** To do **
Word for word, copy every line of the data.

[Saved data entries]
■ ■ ■ ■

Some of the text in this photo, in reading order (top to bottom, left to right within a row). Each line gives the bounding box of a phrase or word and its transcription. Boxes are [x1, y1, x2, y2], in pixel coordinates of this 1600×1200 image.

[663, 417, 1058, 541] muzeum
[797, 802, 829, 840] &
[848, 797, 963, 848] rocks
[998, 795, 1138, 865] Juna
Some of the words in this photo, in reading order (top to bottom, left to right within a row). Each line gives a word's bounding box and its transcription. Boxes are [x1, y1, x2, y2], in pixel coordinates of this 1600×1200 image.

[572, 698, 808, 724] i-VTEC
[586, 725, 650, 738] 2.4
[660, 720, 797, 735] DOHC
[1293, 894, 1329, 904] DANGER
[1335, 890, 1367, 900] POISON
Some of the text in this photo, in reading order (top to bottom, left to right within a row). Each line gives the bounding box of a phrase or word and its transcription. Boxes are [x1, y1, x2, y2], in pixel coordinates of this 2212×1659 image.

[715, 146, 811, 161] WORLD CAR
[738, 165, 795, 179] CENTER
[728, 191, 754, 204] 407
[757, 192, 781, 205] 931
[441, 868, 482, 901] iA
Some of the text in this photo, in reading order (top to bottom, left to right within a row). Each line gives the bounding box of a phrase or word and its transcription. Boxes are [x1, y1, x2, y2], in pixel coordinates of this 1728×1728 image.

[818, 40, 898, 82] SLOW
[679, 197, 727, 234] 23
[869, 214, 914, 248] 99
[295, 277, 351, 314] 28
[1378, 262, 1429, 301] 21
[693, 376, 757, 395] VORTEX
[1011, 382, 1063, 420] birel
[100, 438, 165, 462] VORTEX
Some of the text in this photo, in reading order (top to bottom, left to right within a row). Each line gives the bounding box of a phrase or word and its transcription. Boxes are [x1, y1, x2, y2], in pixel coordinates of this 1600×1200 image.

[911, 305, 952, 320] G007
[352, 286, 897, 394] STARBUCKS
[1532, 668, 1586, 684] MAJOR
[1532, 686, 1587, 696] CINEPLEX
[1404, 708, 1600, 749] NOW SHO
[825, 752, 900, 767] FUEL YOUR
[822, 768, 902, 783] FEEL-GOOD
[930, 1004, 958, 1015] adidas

■ ■ ■ ■

** Solved problem **
Some of the text in this photo, in reading order (top to bottom, left to right within a row). Each line gives the bounding box of a phrase or word and its transcription. Boxes are [x1, y1, x2, y2], in pixel coordinates of this 1600×1200 image.

[663, 417, 1058, 541] muzeum
[797, 802, 829, 840] &
[848, 797, 963, 848] rocks
[998, 795, 1138, 865] Juna
Some of the words in this photo, in reading order (top to bottom, left to right within a row). Each line gives a word's bounding box and its transcription. Boxes are [x1, y1, x2, y2], in pixel coordinates of this 1600×1200 image.

[572, 698, 808, 724] i-VTEC
[586, 725, 650, 738] 2.4
[660, 720, 797, 735] DOHC
[1293, 894, 1329, 904] DANGER
[1335, 890, 1367, 900] POISON
Some of the text in this photo, in reading order (top to bottom, left to right within a row). Each line gives the bounding box of a phrase or word and its transcription. Boxes are [x1, y1, x2, y2], in pixel coordinates of this 2212×1659 image.

[715, 146, 811, 161] WORLD CAR
[738, 165, 795, 179] CENTER
[728, 191, 754, 204] 407
[757, 192, 781, 205] 931
[441, 868, 482, 901] iA
Some of the text in this photo, in reading order (top to bottom, left to right within a row). Each line gives the bounding box of a phrase or word and its transcription. Boxes are [x1, y1, x2, y2], in pixel coordinates of this 1728×1728 image.

[818, 40, 898, 82] SLOW
[679, 197, 727, 234] 23
[869, 214, 914, 248] 99
[295, 277, 351, 314] 28
[1378, 262, 1429, 301] 21
[693, 376, 757, 395] VORTEX
[1011, 382, 1063, 420] birel
[100, 438, 165, 462] VORTEX
Some of the text in this photo, in reading order (top to bottom, left to right within a row). Each line gives the bounding box of a phrase or word and its transcription. Boxes are [x1, y1, x2, y2], in pixel coordinates of this 1600×1200 image.

[911, 305, 952, 320] G007
[352, 286, 897, 394] STARBUCKS
[1532, 668, 1586, 684] MAJOR
[1532, 686, 1587, 696] CINEPLEX
[1404, 708, 1600, 749] NOW SHO
[825, 752, 900, 767] FUEL YOUR
[822, 768, 902, 783] FEEL-GOOD
[930, 1004, 958, 1015] adidas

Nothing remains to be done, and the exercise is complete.